**Goal of the exercise:** Your copy should match the entries exactly, except that it holds no pictures.

**Records shown:**
□ □ □ □ □

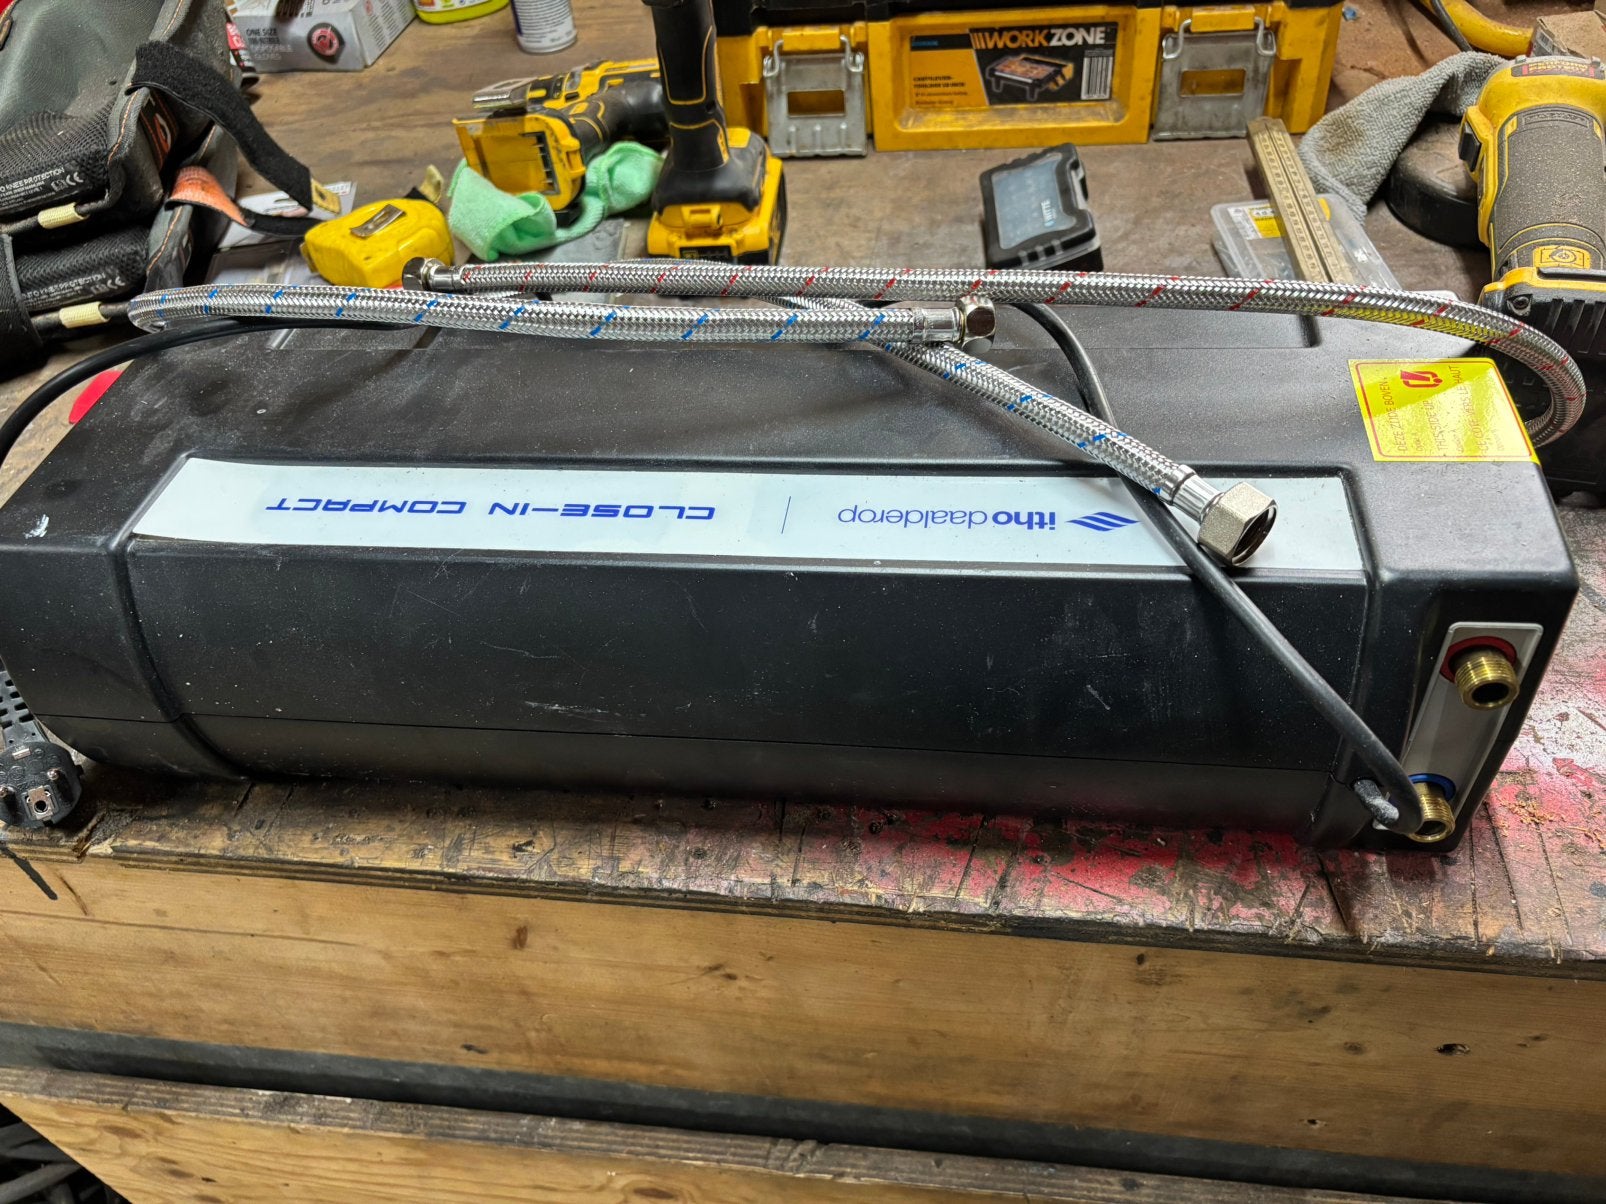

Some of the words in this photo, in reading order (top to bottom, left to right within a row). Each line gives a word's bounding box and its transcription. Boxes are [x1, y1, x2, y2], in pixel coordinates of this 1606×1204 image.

[24, 166, 66, 186] PROTECTION
[1423, 400, 1434, 410] UP
[1428, 411, 1441, 431] SIDE
[1393, 431, 1408, 453] DEZE
[1433, 432, 1448, 451] THIS
[264, 497, 468, 515] COMPACT
[488, 501, 717, 521] CLOSE-IN
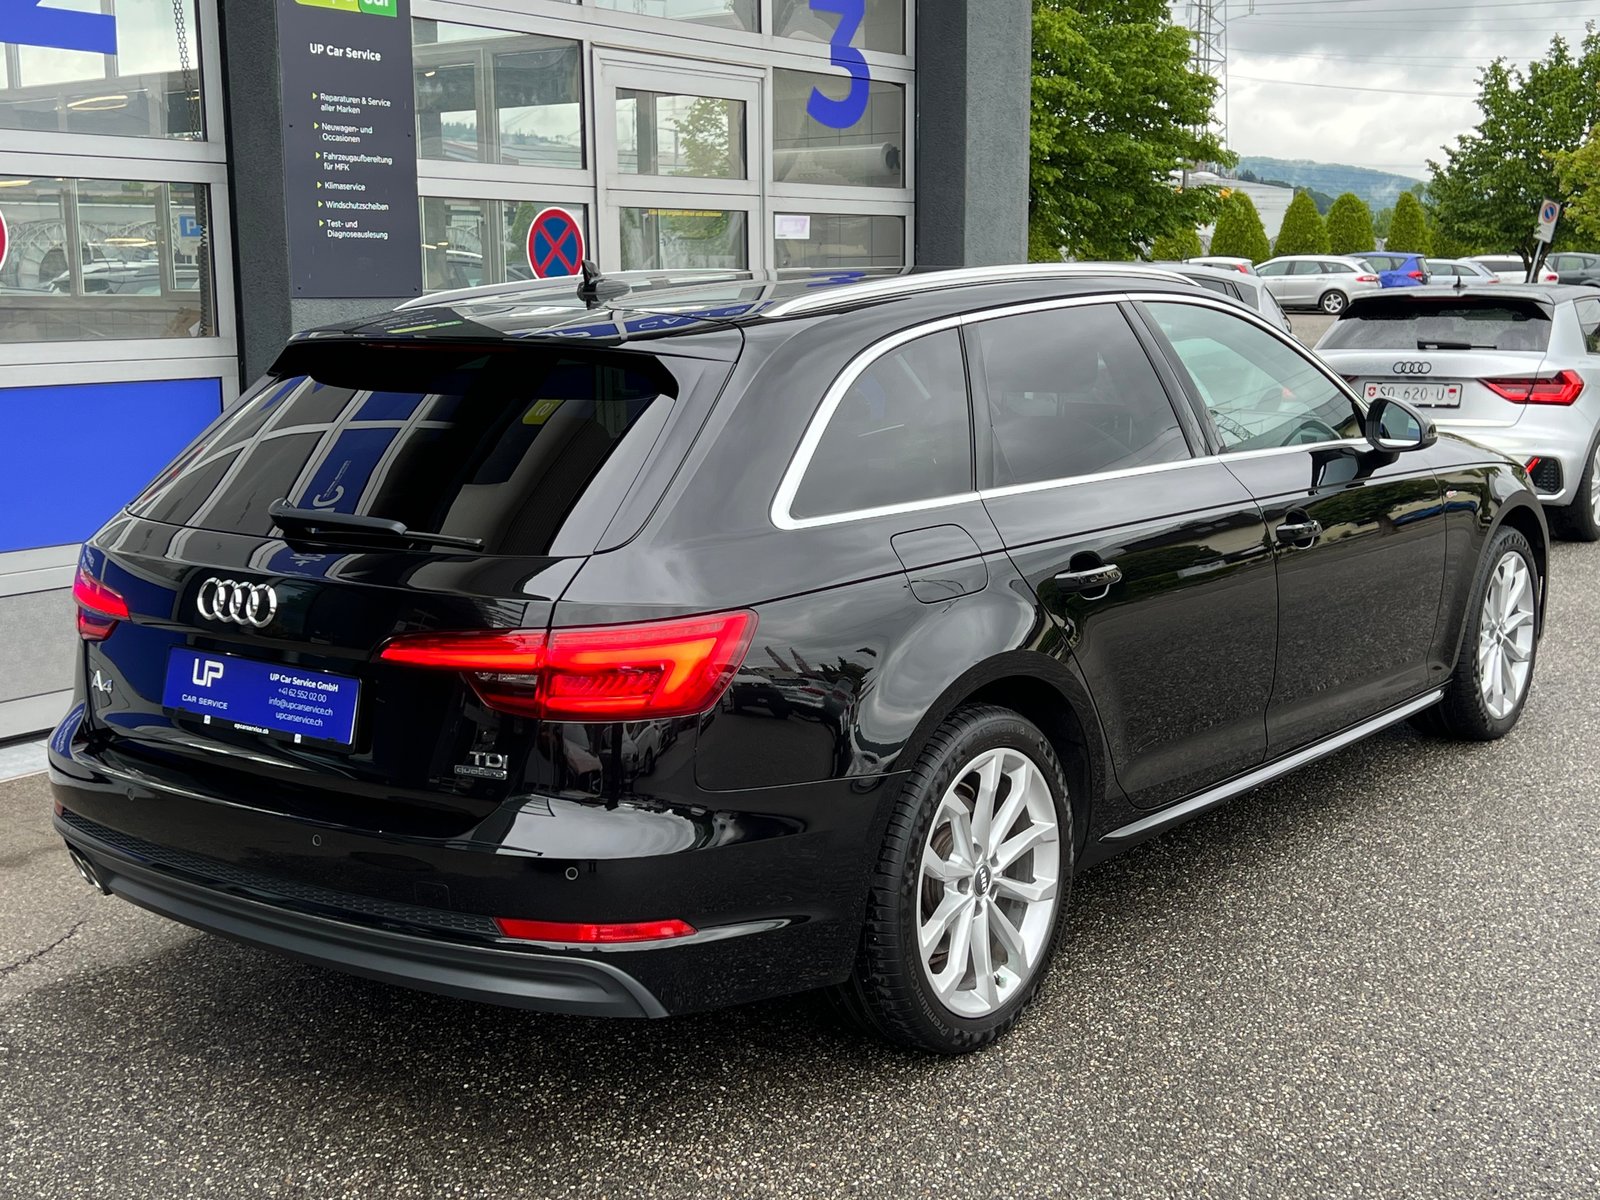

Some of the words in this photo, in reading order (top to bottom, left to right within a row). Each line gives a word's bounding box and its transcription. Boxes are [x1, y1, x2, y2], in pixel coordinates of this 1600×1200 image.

[309, 42, 325, 55] UP
[326, 45, 344, 57] Car
[345, 47, 382, 61] Service
[807, 0, 871, 129] 3
[320, 92, 361, 104] Reparaturen
[361, 96, 367, 105] &
[367, 97, 391, 107] Service
[320, 104, 336, 112] aller
[336, 104, 361, 114] Marken
[321, 122, 359, 133] Neuwagen-
[359, 126, 373, 134] und
[322, 132, 361, 143] Occasionen
[323, 152, 393, 165] Fahrzeugaufbereitung
[323, 162, 334, 171] für
[334, 163, 350, 172] MFK
[324, 181, 366, 191] Klimaservice
[325, 200, 389, 211] Windschutzscheiben
[326, 219, 344, 228] Test-
[344, 220, 358, 229] und
[327, 229, 388, 240] Diagnoseauslesung
[1403, 387, 1428, 400] 620
[192, 658, 224, 688] UP
[91, 670, 113, 694] A4
[269, 672, 280, 681] UP
[280, 674, 291, 684] Car
[292, 677, 316, 688] Service
[317, 681, 339, 692] GmbH
[181, 694, 197, 703] CAR
[198, 697, 228, 709] SERVICE
[278, 687, 288, 695] +41
[288, 688, 297, 697] 62
[308, 692, 317, 701] 02
[317, 694, 327, 702] 00
[268, 696, 333, 716] info@upcarservice.ch
[275, 712, 323, 727] upcarservice.ch
[234, 723, 269, 735] upcarservice.ch
[469, 751, 508, 769] TDI
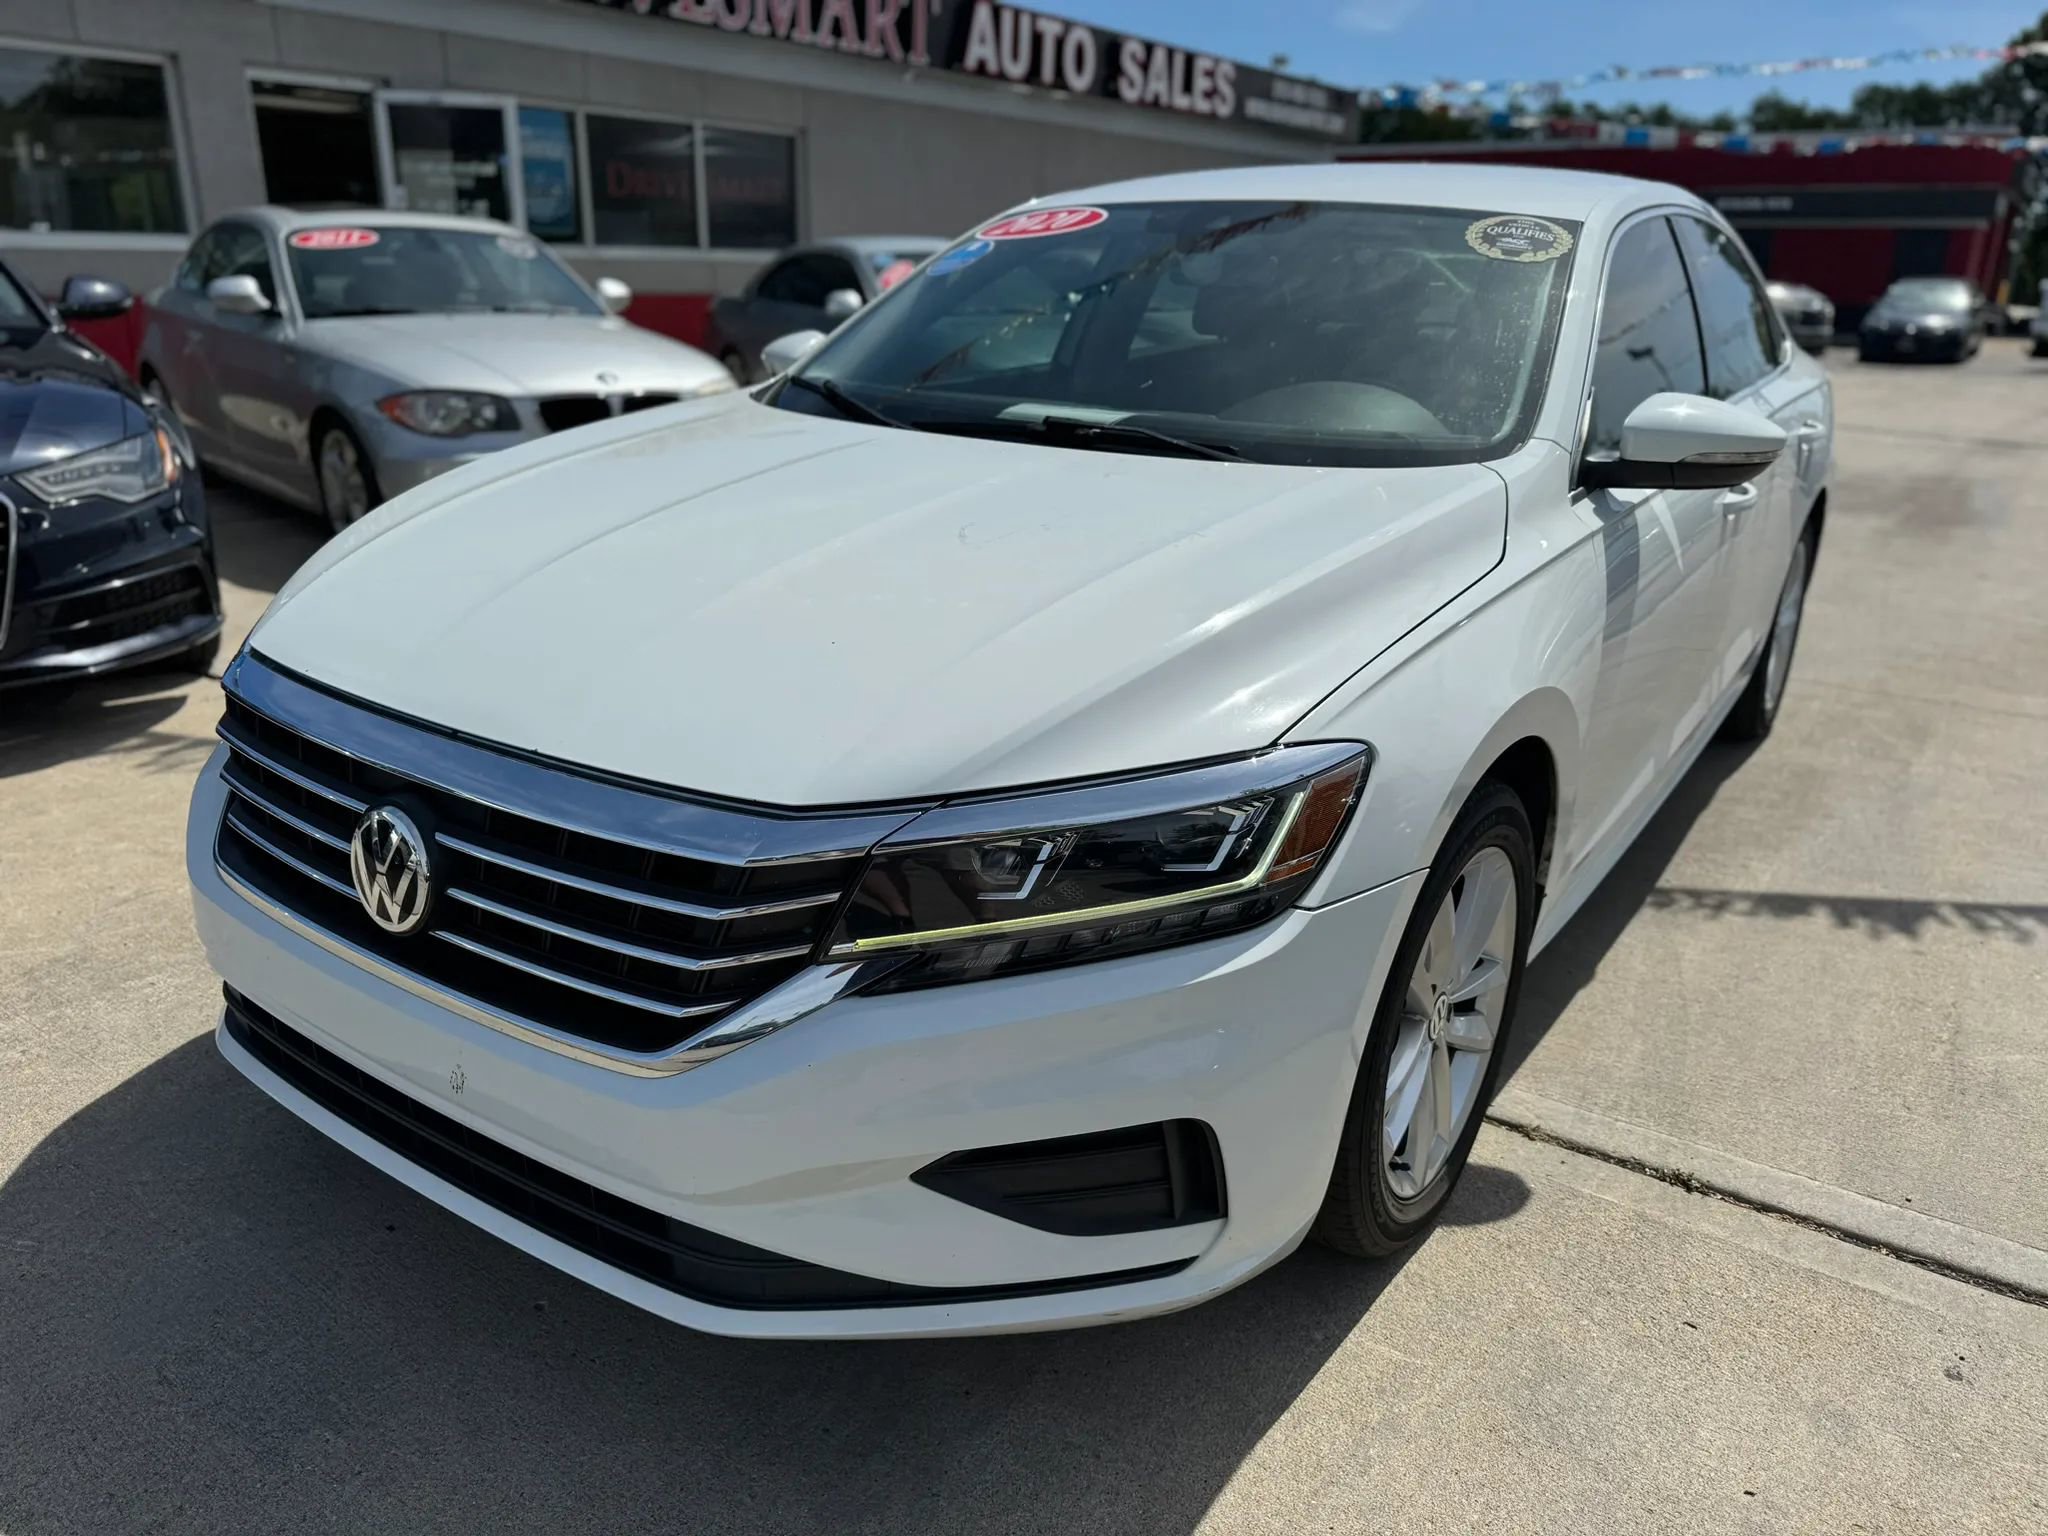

□ □ □ □ □

**Response:**
Some of the words in this photo, in reading order (top to bottom, left to right within a row). Each line gives a word's bounding box and its transcription. Boxes are [x1, y1, x2, y2], in pixel coordinates of this 1606×1204 image.

[24, 166, 66, 186] PROTECTION
[1423, 400, 1434, 410] UP
[1428, 411, 1441, 431] SIDE
[1393, 431, 1408, 453] DEZE
[1433, 432, 1448, 451] THIS
[264, 497, 468, 515] COMPACT
[488, 501, 717, 521] CLOSE-IN

Some of the words in this photo, in reading order (top to bottom, left to right within a row). Each line gives a word's bounding box and its transcription. Boxes are [x1, y1, x2, y2], in pixel coordinates of this 1600×1200 image.

[309, 42, 325, 55] UP
[326, 45, 344, 57] Car
[345, 47, 382, 61] Service
[807, 0, 871, 129] 3
[320, 92, 361, 104] Reparaturen
[361, 96, 367, 105] &
[367, 97, 391, 107] Service
[320, 104, 336, 112] aller
[336, 104, 361, 114] Marken
[321, 122, 359, 133] Neuwagen-
[359, 126, 373, 134] und
[322, 132, 361, 143] Occasionen
[323, 152, 393, 165] Fahrzeugaufbereitung
[323, 162, 334, 171] für
[334, 163, 350, 172] MFK
[324, 181, 366, 191] Klimaservice
[325, 200, 389, 211] Windschutzscheiben
[326, 219, 344, 228] Test-
[344, 220, 358, 229] und
[327, 229, 388, 240] Diagnoseauslesung
[1403, 387, 1428, 400] 620
[192, 658, 224, 688] UP
[91, 670, 113, 694] A4
[269, 672, 280, 681] UP
[280, 674, 291, 684] Car
[292, 677, 316, 688] Service
[317, 681, 339, 692] GmbH
[181, 694, 197, 703] CAR
[198, 697, 228, 709] SERVICE
[278, 687, 288, 695] +41
[288, 688, 297, 697] 62
[308, 692, 317, 701] 02
[317, 694, 327, 702] 00
[268, 696, 333, 716] info@upcarservice.ch
[275, 712, 323, 727] upcarservice.ch
[234, 723, 269, 735] upcarservice.ch
[469, 751, 508, 769] TDI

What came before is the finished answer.